WORK REQUIRED ▸ Write out an exact copy of the line with "Some of the words" and of each line after it, through the end of the records below.

DATA SHOWN ▸
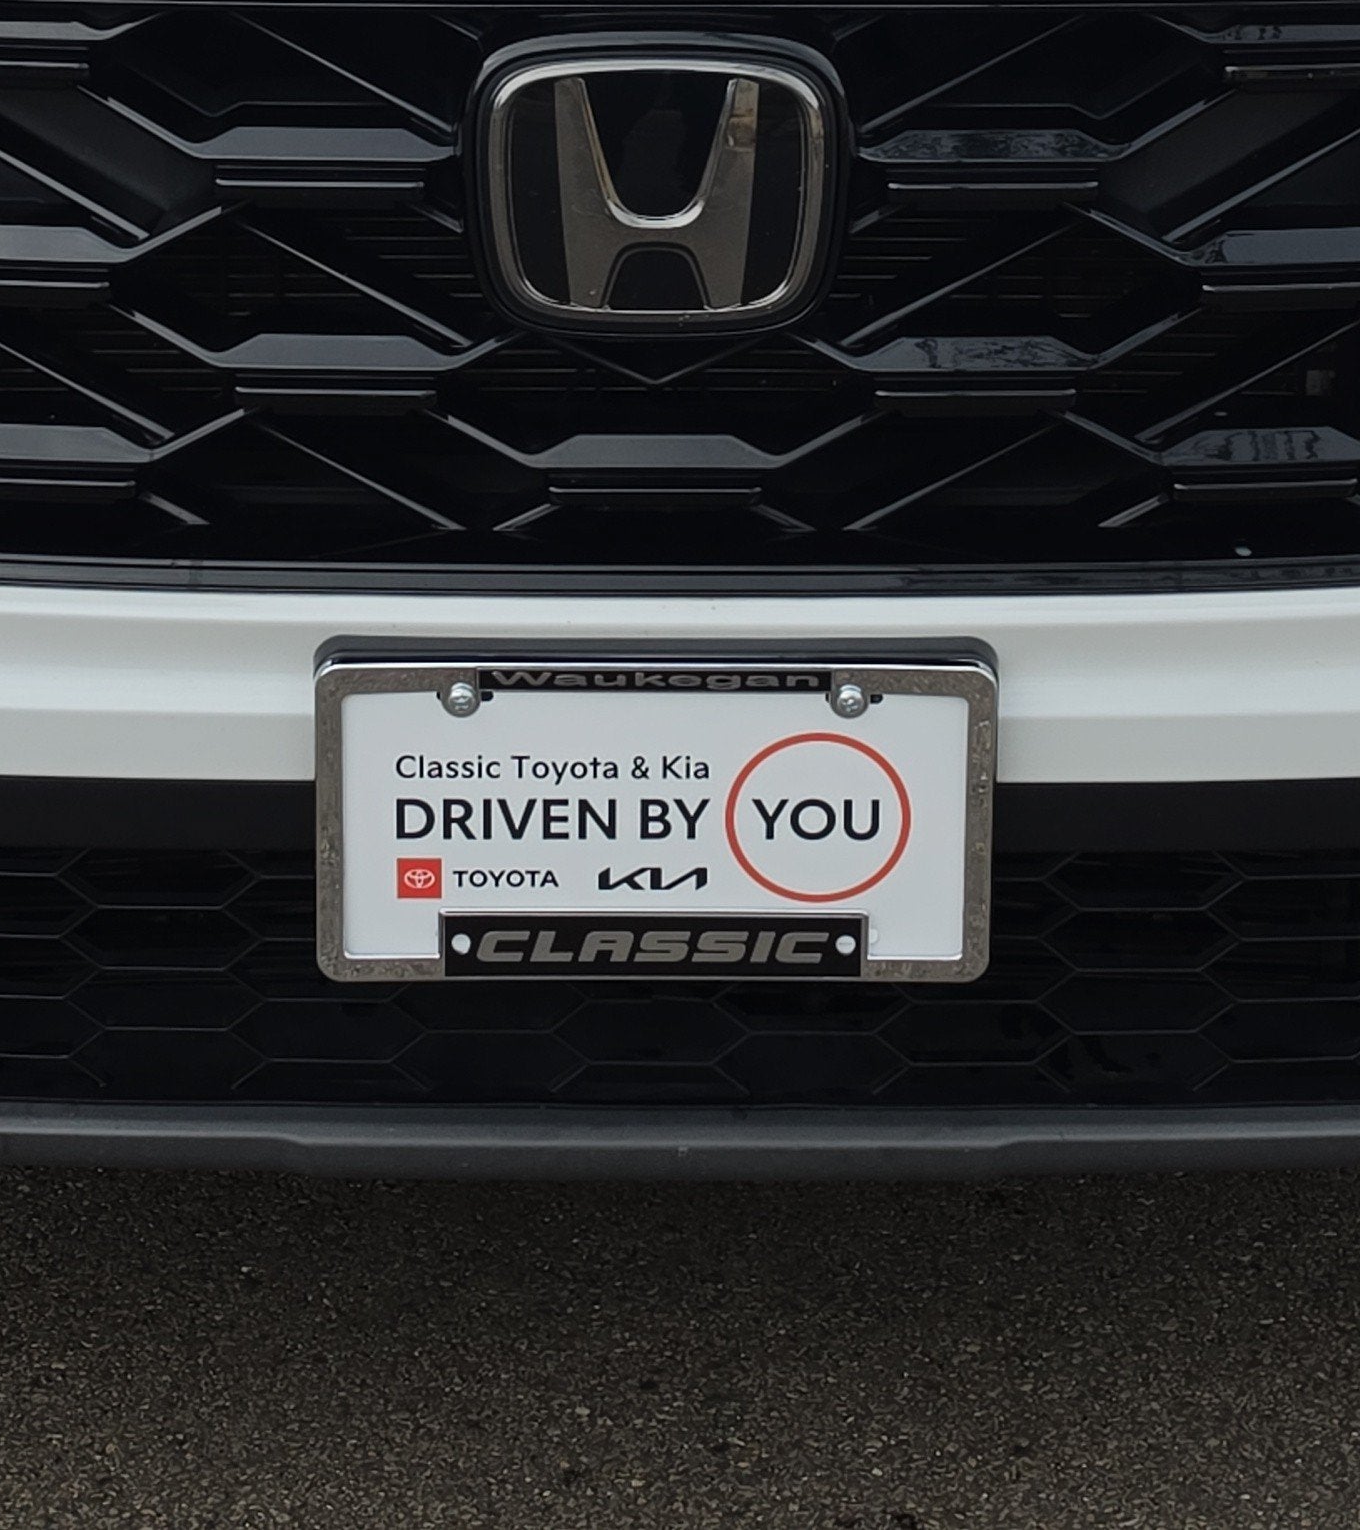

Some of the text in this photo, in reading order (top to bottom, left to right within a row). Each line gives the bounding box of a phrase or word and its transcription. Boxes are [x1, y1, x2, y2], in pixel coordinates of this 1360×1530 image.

[396, 755, 710, 786] Classic Toyota & Kia
[395, 798, 881, 841] DRIVEN BY YOU
[453, 869, 559, 889] TOYOTA
[476, 930, 829, 964] CLASSIC
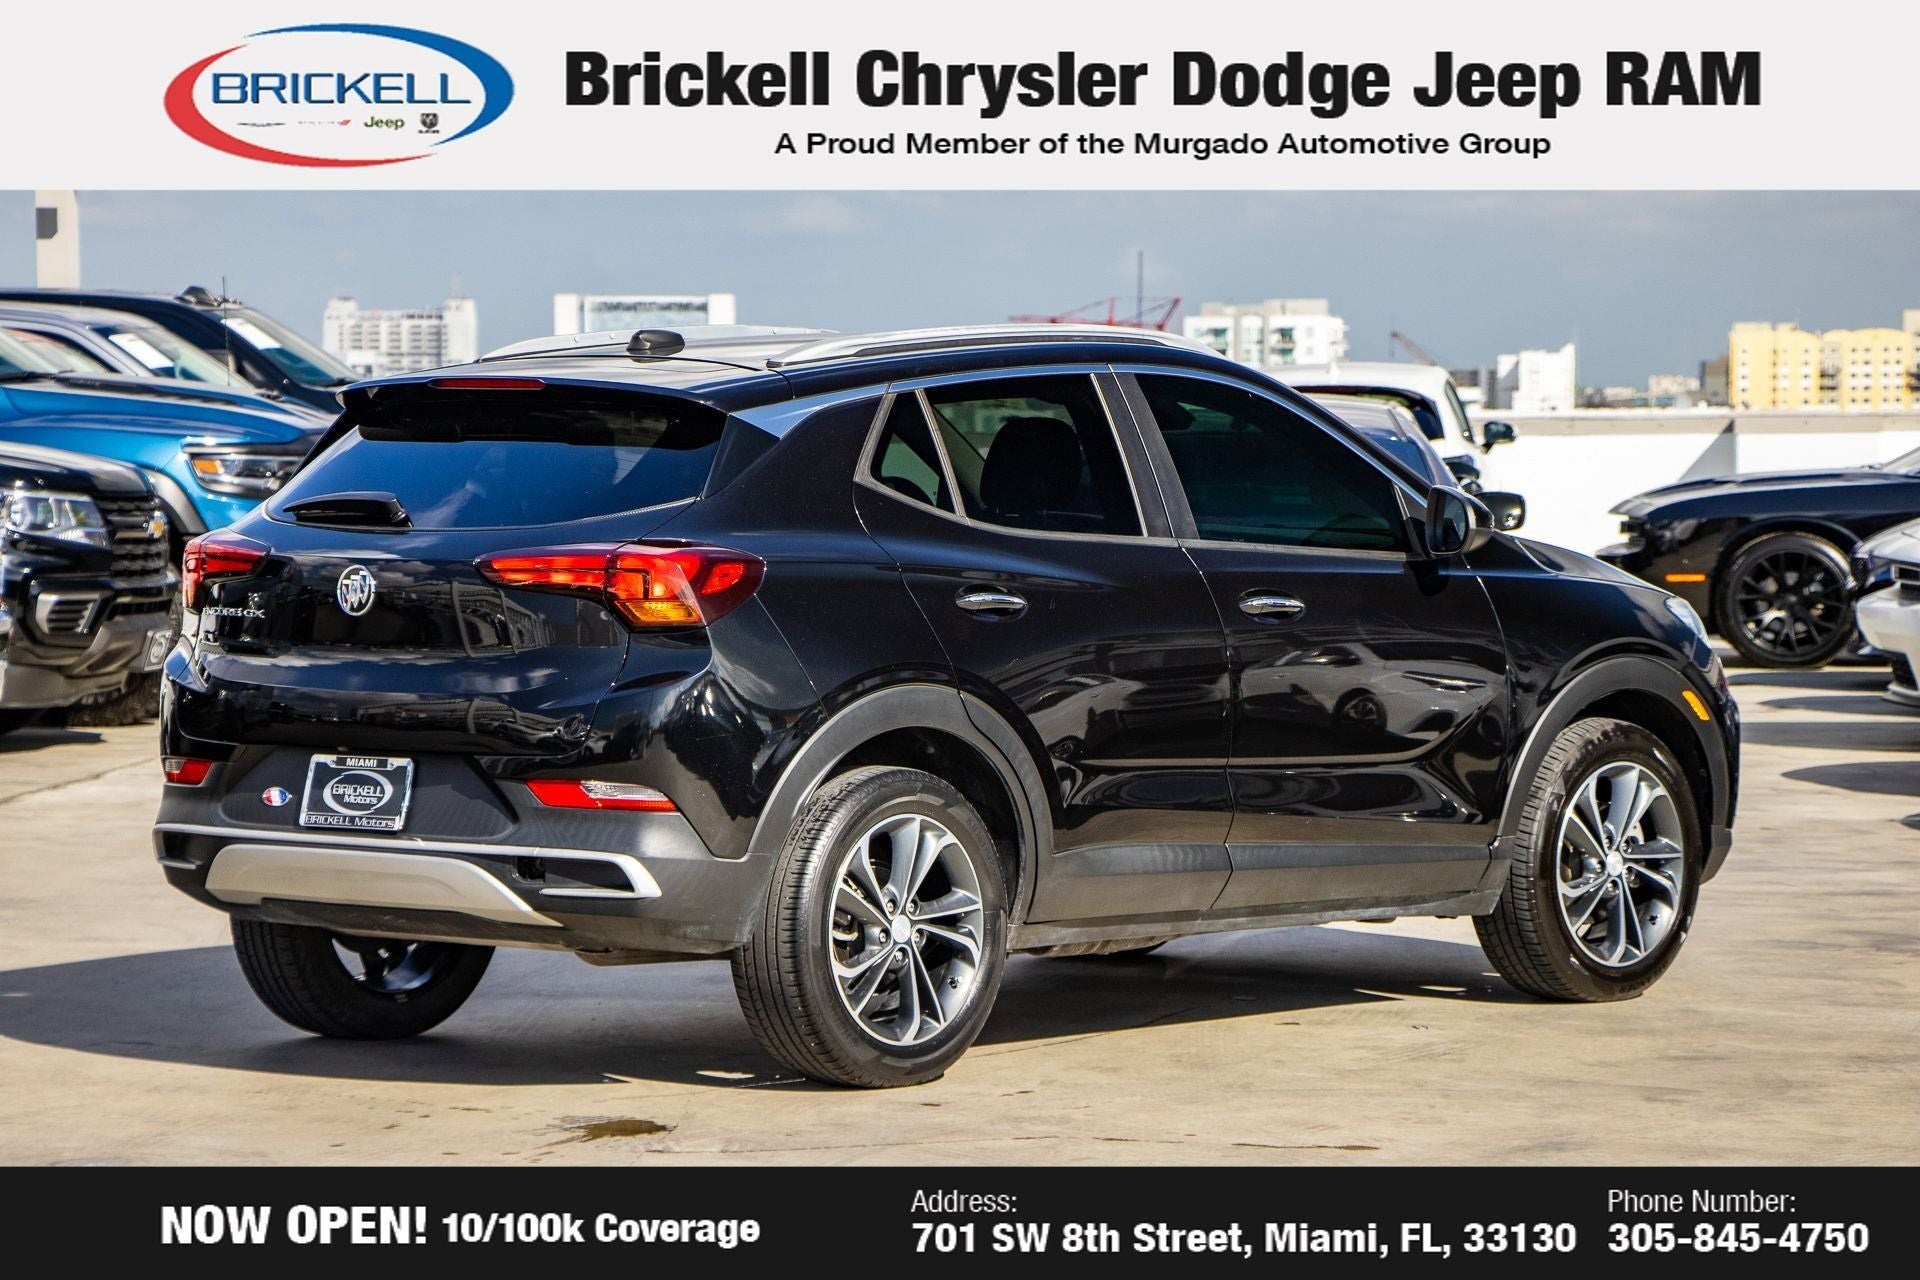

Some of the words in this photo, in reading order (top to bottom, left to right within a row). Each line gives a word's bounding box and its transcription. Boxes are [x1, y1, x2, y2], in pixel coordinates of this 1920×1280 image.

[243, 608, 266, 618] GX
[346, 757, 378, 768] MIAMI
[332, 783, 384, 797] BRICKELL
[343, 794, 378, 805] Motors
[305, 813, 352, 826] BRICKELL
[354, 816, 395, 828] Motors

RESULT FOR THIS TASK ▸
Some of the words in this photo, in reading order (top to bottom, left to right within a row). Each line gives a word's bounding box and its transcription. Boxes are [x1, y1, x2, y2], in pixel coordinates of this 1920×1280 image.

[243, 608, 266, 618] GX
[346, 757, 378, 768] MIAMI
[332, 783, 384, 797] BRICKELL
[343, 794, 378, 805] Motors
[305, 813, 352, 826] BRICKELL
[354, 816, 395, 828] Motors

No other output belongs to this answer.